What you will do: Could you output the listing that follows exactly, without its images?

Available data:
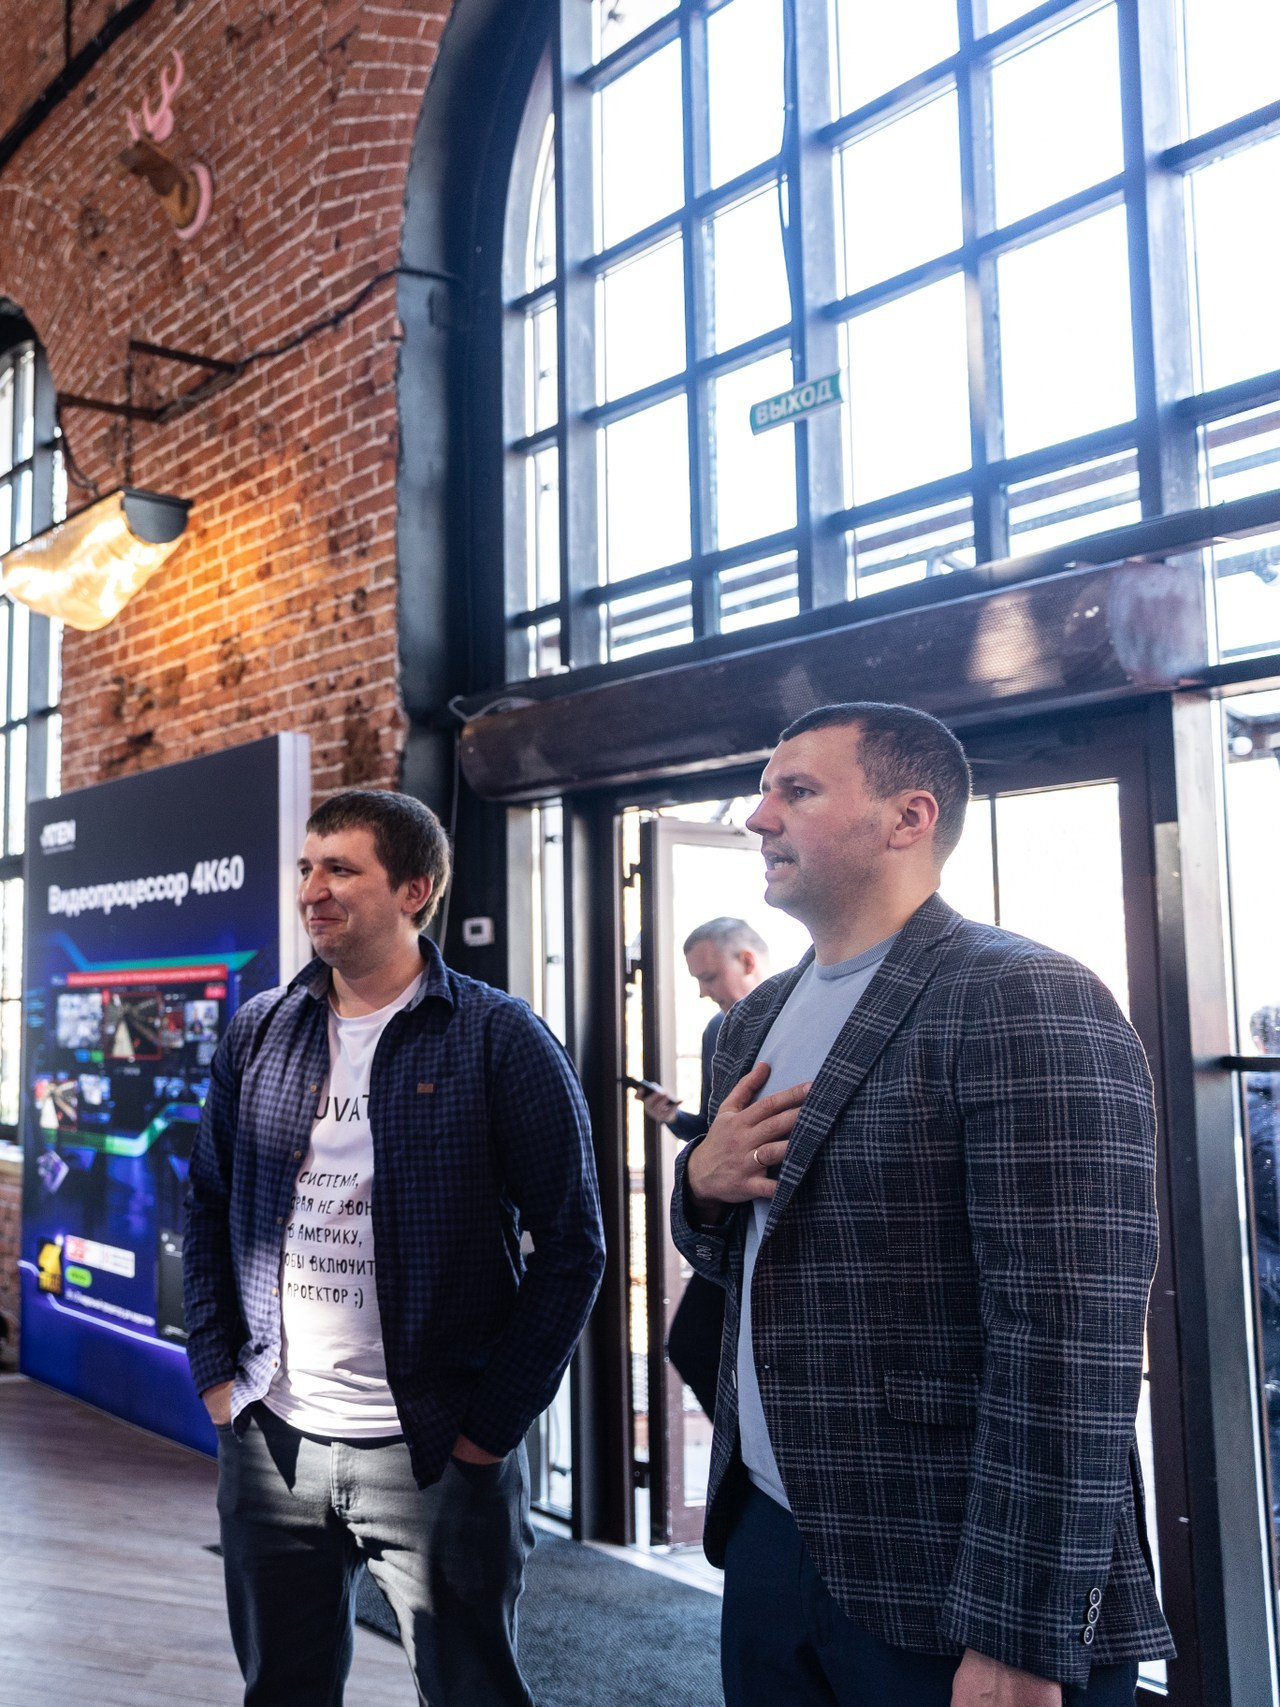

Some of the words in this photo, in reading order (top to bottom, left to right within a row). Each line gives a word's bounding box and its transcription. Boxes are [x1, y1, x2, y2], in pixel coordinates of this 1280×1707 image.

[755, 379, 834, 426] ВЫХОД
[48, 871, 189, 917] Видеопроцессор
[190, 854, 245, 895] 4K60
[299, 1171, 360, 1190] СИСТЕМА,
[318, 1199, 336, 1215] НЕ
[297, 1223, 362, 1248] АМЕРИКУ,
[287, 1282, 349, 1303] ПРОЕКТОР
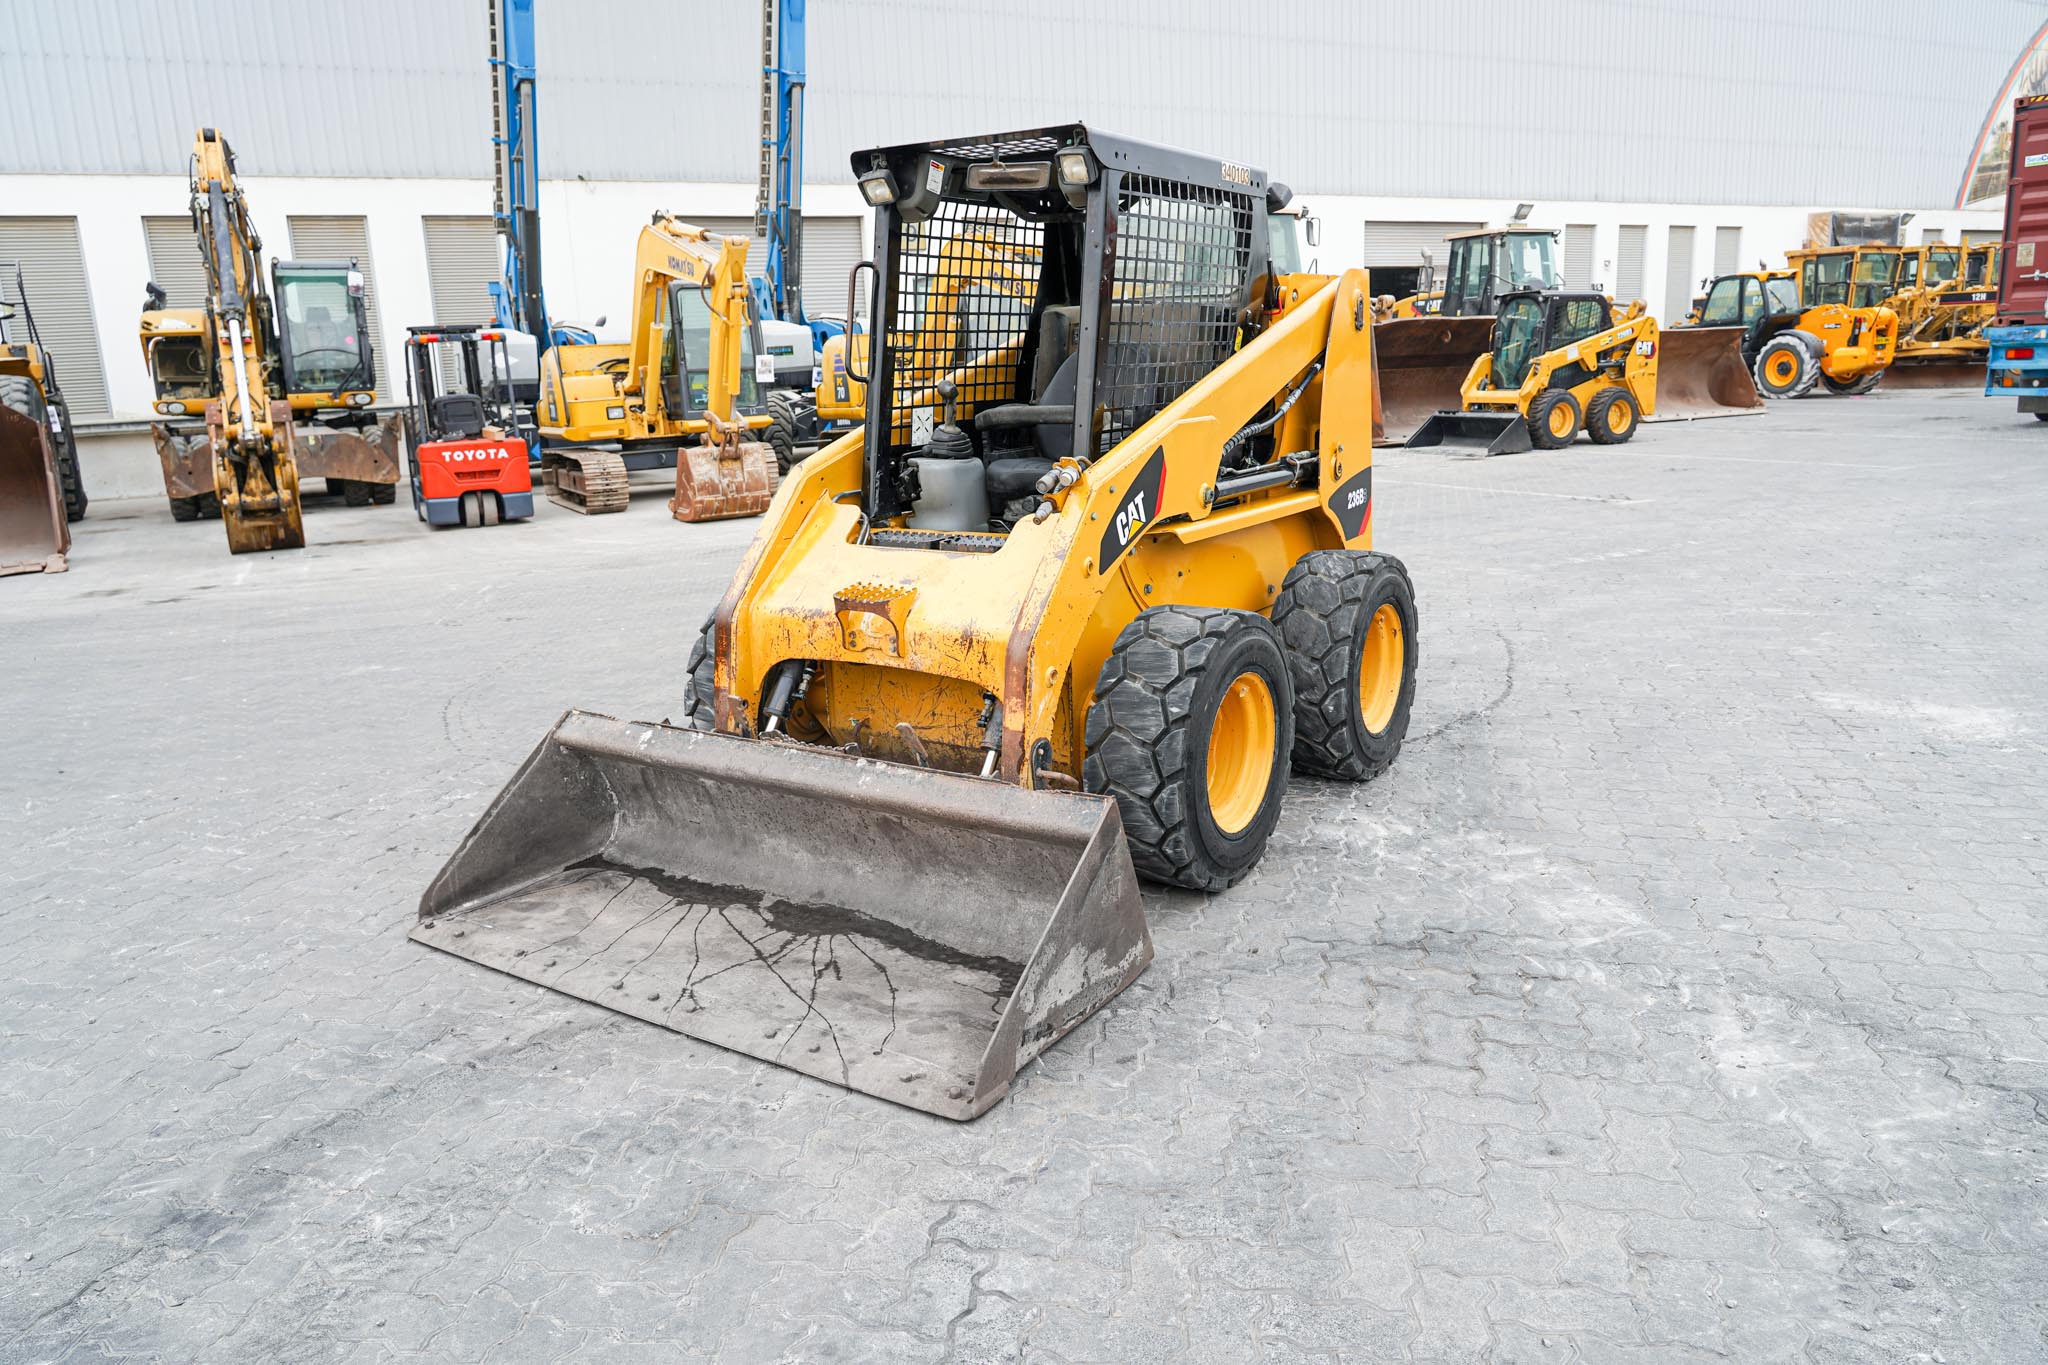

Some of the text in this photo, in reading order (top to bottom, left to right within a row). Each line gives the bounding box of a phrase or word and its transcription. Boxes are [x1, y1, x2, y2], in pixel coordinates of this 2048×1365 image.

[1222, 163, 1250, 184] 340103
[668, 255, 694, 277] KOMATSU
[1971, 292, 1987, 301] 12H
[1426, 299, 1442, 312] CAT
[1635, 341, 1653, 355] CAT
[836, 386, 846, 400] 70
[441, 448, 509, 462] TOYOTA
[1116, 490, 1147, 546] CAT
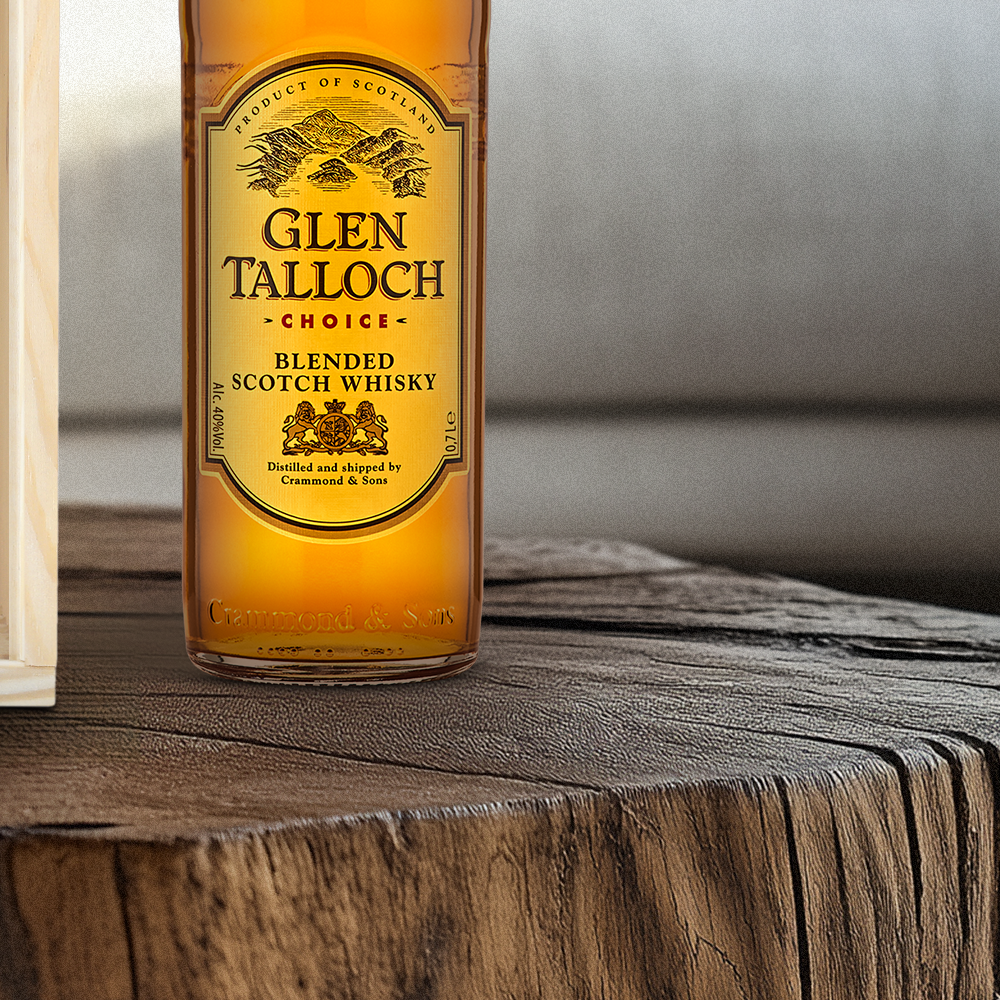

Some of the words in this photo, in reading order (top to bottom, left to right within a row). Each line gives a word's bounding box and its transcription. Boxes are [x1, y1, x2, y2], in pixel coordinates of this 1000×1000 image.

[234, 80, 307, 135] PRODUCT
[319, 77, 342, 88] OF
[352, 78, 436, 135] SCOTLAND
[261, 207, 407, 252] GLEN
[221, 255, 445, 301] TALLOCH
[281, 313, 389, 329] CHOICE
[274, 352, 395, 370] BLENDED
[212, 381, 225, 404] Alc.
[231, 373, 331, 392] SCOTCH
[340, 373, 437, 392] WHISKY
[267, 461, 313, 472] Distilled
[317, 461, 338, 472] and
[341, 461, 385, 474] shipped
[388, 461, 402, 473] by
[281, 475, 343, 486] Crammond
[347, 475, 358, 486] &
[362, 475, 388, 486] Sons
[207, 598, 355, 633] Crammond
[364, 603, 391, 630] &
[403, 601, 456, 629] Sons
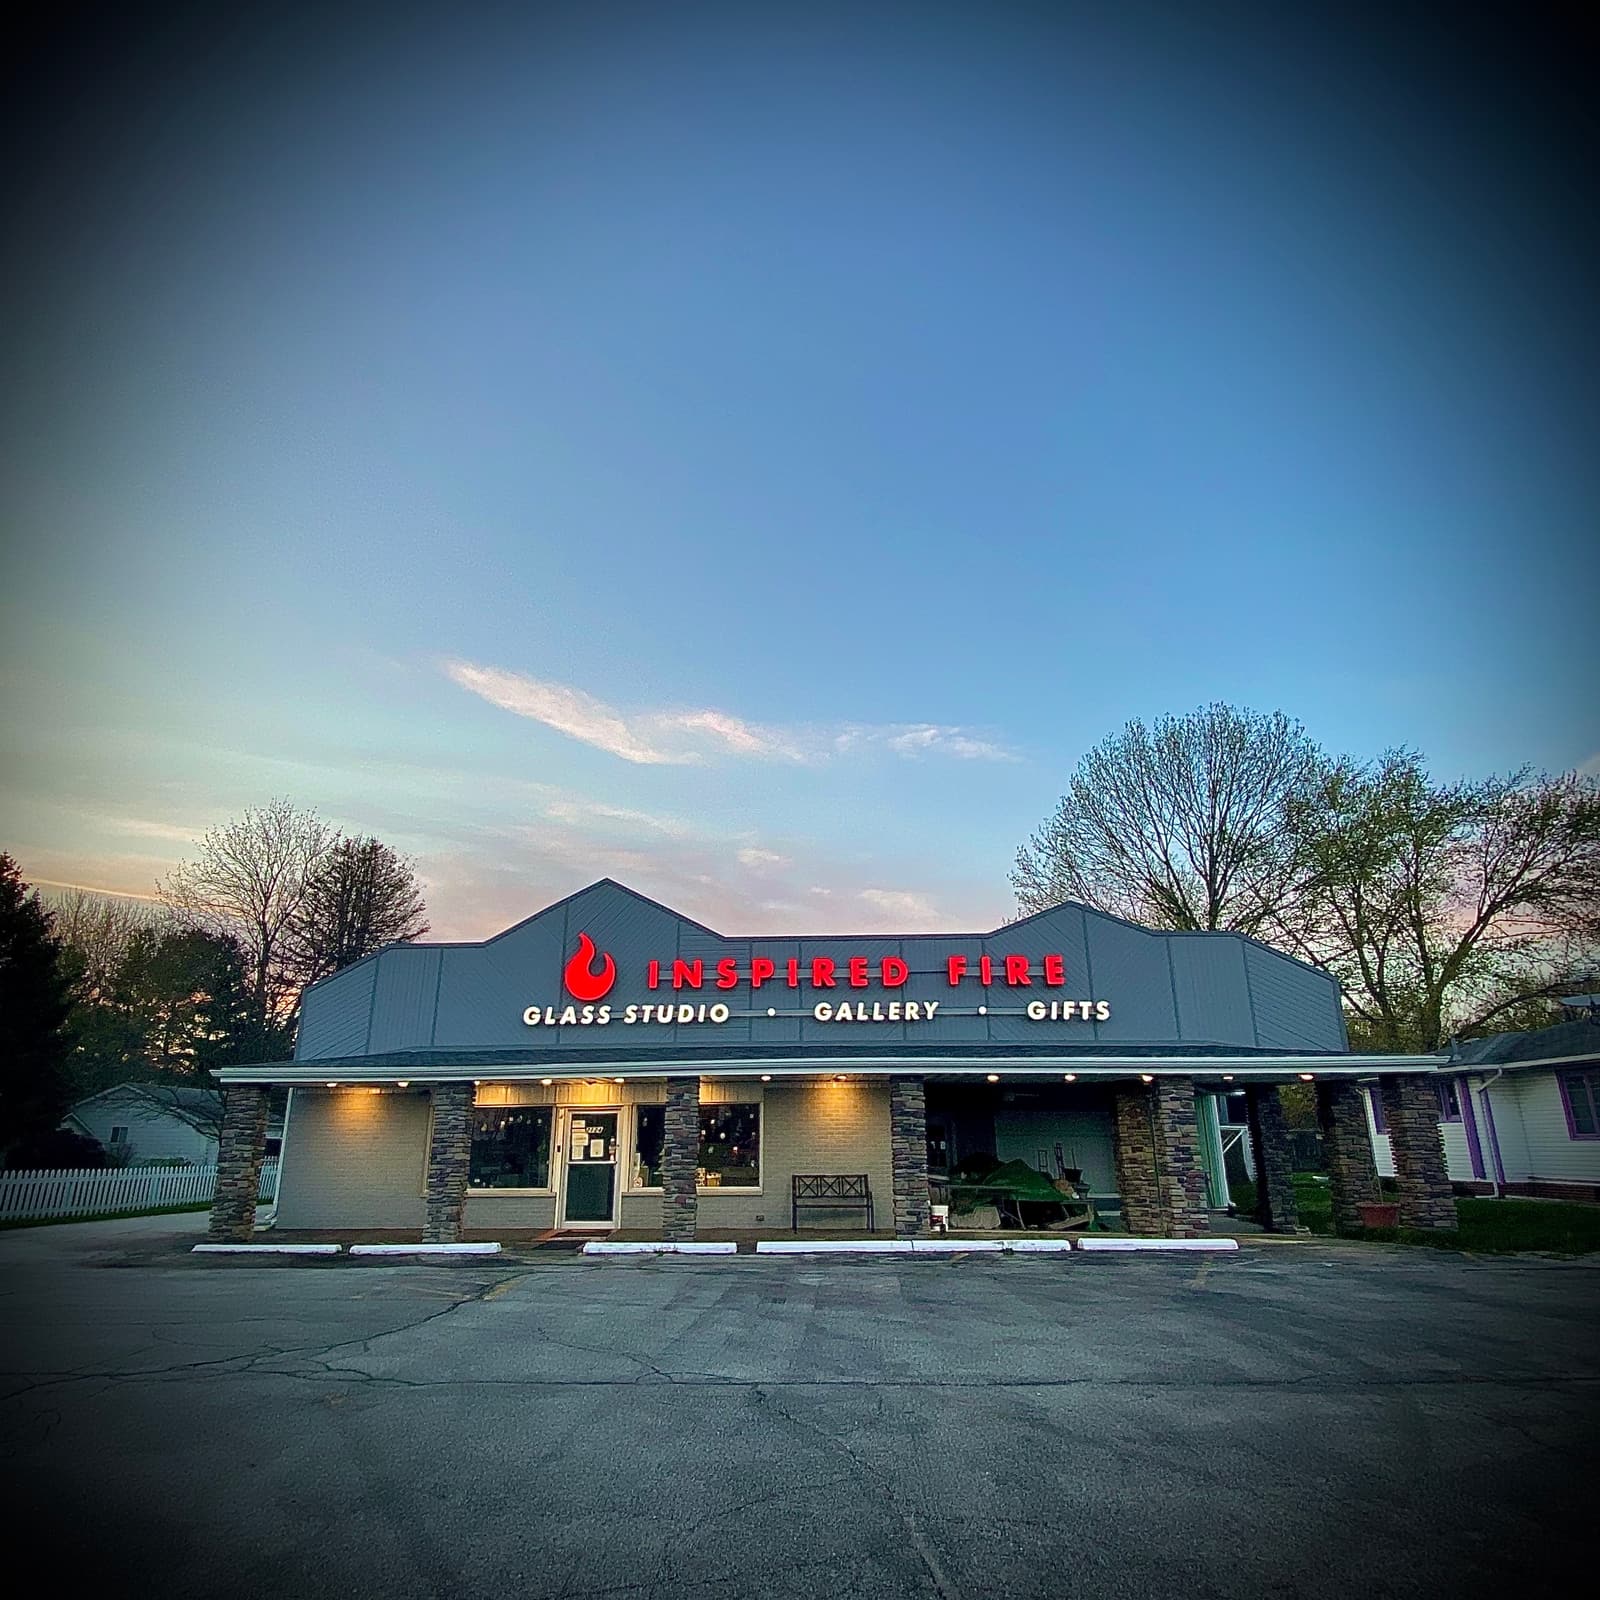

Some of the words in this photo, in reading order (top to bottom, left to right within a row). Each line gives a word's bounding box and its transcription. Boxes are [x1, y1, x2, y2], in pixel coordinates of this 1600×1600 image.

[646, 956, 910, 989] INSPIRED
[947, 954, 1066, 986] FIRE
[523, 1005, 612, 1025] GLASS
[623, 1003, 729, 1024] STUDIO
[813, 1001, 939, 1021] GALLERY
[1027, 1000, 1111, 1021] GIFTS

Task answer:
Some of the words in this photo, in reading order (top to bottom, left to right within a row). Each line gives a word's bounding box and its transcription. Boxes are [x1, y1, x2, y2], in pixel coordinates of this 1280×1707 image.

[755, 379, 834, 426] ВЫХОД
[48, 871, 189, 917] Видеопроцессор
[190, 854, 245, 895] 4K60
[299, 1171, 360, 1190] СИСТЕМА,
[318, 1199, 336, 1215] НЕ
[297, 1223, 362, 1248] АМЕРИКУ,
[287, 1282, 349, 1303] ПРОЕКТОР

Some of the text in this photo, in reading order (top to bottom, left to right within a row). Each line gives the bounding box of a phrase or word and its transcription. Boxes are [x1, y1, x2, y2], in pixel coordinates of this 2048×1365 image.

[1222, 163, 1250, 184] 340103
[668, 255, 694, 277] KOMATSU
[1971, 292, 1987, 301] 12H
[1426, 299, 1442, 312] CAT
[1635, 341, 1653, 355] CAT
[836, 386, 846, 400] 70
[441, 448, 509, 462] TOYOTA
[1116, 490, 1147, 546] CAT

Some of the words in this photo, in reading order (top to bottom, left to right within a row). Each line gives a word's bounding box and its transcription. Boxes are [x1, y1, x2, y2], in pixel coordinates of this 1000×1000 image.

[234, 80, 307, 135] PRODUCT
[319, 77, 342, 88] OF
[352, 78, 436, 135] SCOTLAND
[261, 207, 407, 252] GLEN
[221, 255, 445, 301] TALLOCH
[281, 313, 389, 329] CHOICE
[274, 352, 395, 370] BLENDED
[212, 381, 225, 404] Alc.
[231, 373, 331, 392] SCOTCH
[340, 373, 437, 392] WHISKY
[267, 461, 313, 472] Distilled
[317, 461, 338, 472] and
[341, 461, 385, 474] shipped
[388, 461, 402, 473] by
[281, 475, 343, 486] Crammond
[347, 475, 358, 486] &
[362, 475, 388, 486] Sons
[207, 598, 355, 633] Crammond
[364, 603, 391, 630] &
[403, 601, 456, 629] Sons

Some of the words in this photo, in reading order (top to bottom, left to right within a row). Each line gives a word's bounding box and its transcription. Boxes are [x1, y1, x2, y2], in pixel coordinates of this 1600×1600 image.

[646, 956, 910, 989] INSPIRED
[947, 954, 1066, 986] FIRE
[523, 1005, 612, 1025] GLASS
[623, 1003, 729, 1024] STUDIO
[813, 1001, 939, 1021] GALLERY
[1027, 1000, 1111, 1021] GIFTS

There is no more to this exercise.